Bildung gilt in Deutschland nicht als Rechtfertigung für Investitionen. Jetzt soll aber in Köpfe, nicht in Beton investiert werden: Wie die SPD die Zukunft sichern will.

Die SPD diskutiert über einen neuen Investitionsbegriff. Mit dem zweiten Teil der großen Verfassungsreform sollen nicht mehr wie bislang Ausgaben in Beton als Investitionen verstanden werden, sondern Ausgaben für Bildung, also durchaus auch für Wissenschaftler oder Lehrer. Die Gründe liegen auf der Hand: Zukunft gründet auf Bildung und wissensbasierte Wirtschaft.
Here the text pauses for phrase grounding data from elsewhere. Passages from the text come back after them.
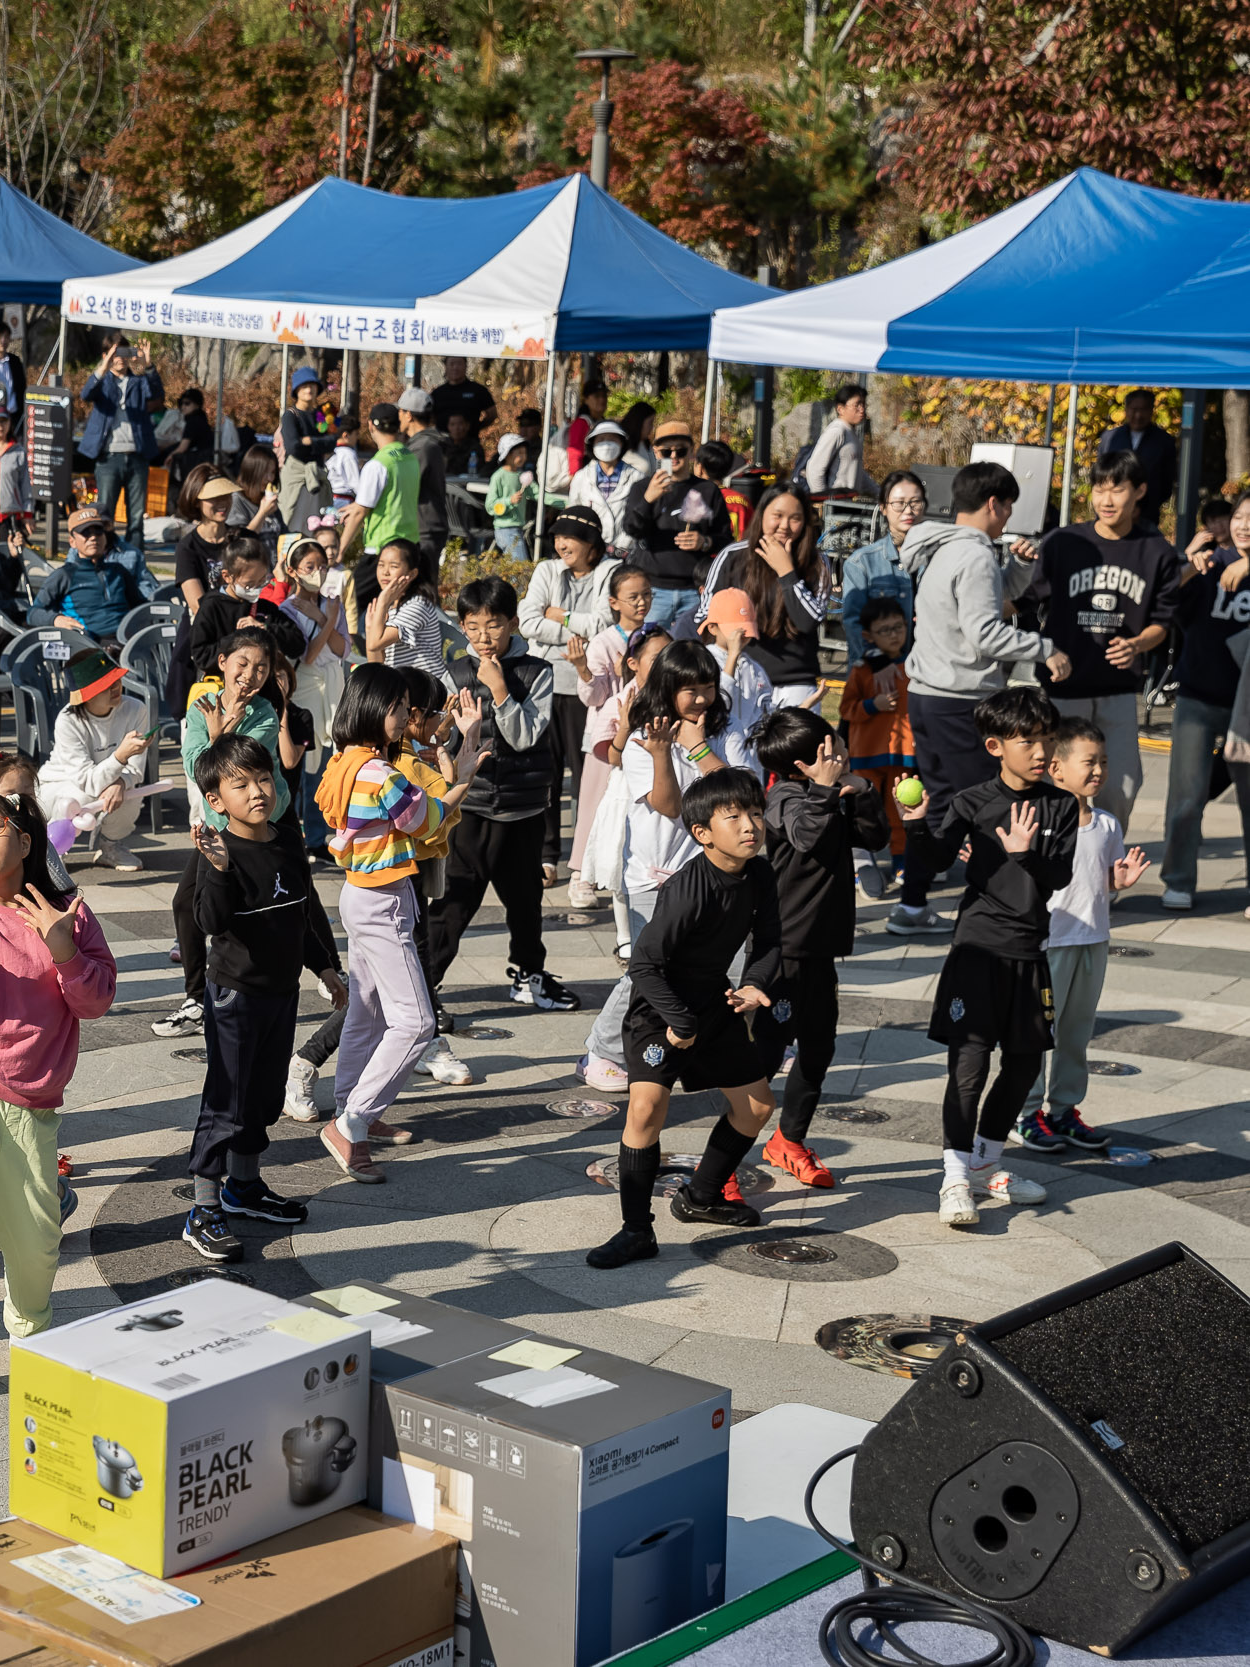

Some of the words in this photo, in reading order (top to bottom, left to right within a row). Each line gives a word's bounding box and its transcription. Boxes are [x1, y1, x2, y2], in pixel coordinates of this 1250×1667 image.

[86, 296, 173, 326] 오석한방병원
[318, 315, 425, 345] 재난구조협회
[1069, 564, 1146, 605] OREGON
[156, 1349, 200, 1367] BLACK
[200, 1336, 238, 1351] PEARL
[24, 1392, 47, 1408] BLACK
[50, 1402, 72, 1418] PEARL
[179, 1440, 253, 1488] BLACK
[588, 1463, 609, 1479] 스마트
[612, 1450, 644, 1470] 공기청정기
[645, 1448, 650, 1456] 4
[651, 1436, 679, 1454] Compact
[589, 1448, 621, 1468] xiaomi
[179, 1468, 252, 1515] PEARL
[177, 1502, 232, 1535] TRENDY
[208, 1568, 244, 1584] magic
[244, 1559, 270, 1571] SK
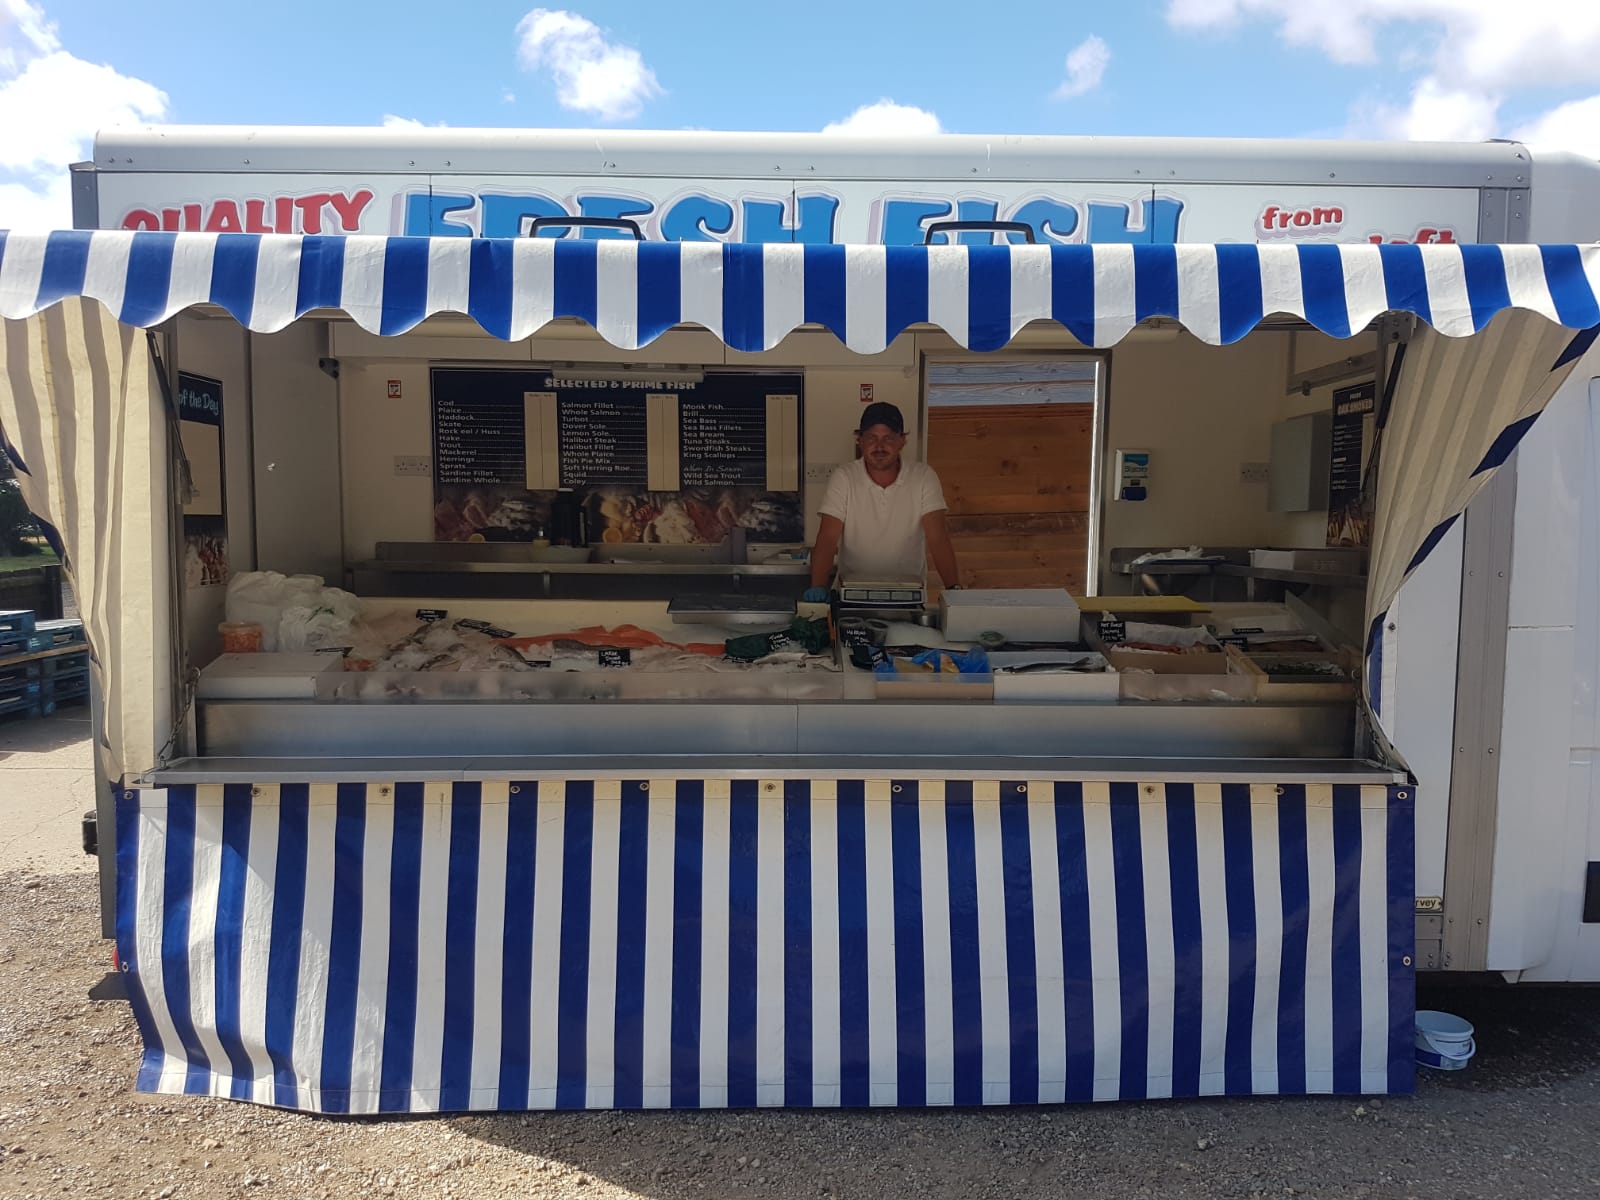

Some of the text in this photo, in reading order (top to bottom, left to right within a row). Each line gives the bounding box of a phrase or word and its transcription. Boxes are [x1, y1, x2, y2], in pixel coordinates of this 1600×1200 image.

[1260, 207, 1343, 229] from
[544, 378, 696, 390] SELECTED & PRIME FISH
[189, 391, 202, 408] the
[202, 393, 219, 416] Day
[683, 452, 736, 460] King Scallops
[563, 464, 630, 472] Soft Herring Roe
[563, 471, 587, 479] Squid
Nur hat sich diese Tatsache noch nicht im deutschen Haushaltsrecht niedergeschlagen. Bildung und Wissenschaft gelten hier nicht als Rechtfertigung für Investitionen. Nach dem veralteten Muster von Jahrzehnten sind Schienen, Autobahnen, Flughäfen, Schwimmbäder und Geräte – also Beton und Stahl – die Investitionen, die die höchste Rendite in der Zukunft erwarten lassen. Aus diesem Grund kann immer wieder Sachsen als einziges Land im Osten das Lob der Haushaltsrechtler einfahren, weil es mit dem Ausbau des Flughafens von Leipzig die Gelder aus dem Solidarpakt Ost in haushaltsrechtlich richtige Investitionen umsetzt. Die anderen Länder, die diese Gelder auch für Investitionen in Wissenschaft und Schulen benutzen, werden kritisiert. Sie versuchten, Haushaltslöcher mit Investitionsgeldern zu stopfen, heißt der Vorwurf.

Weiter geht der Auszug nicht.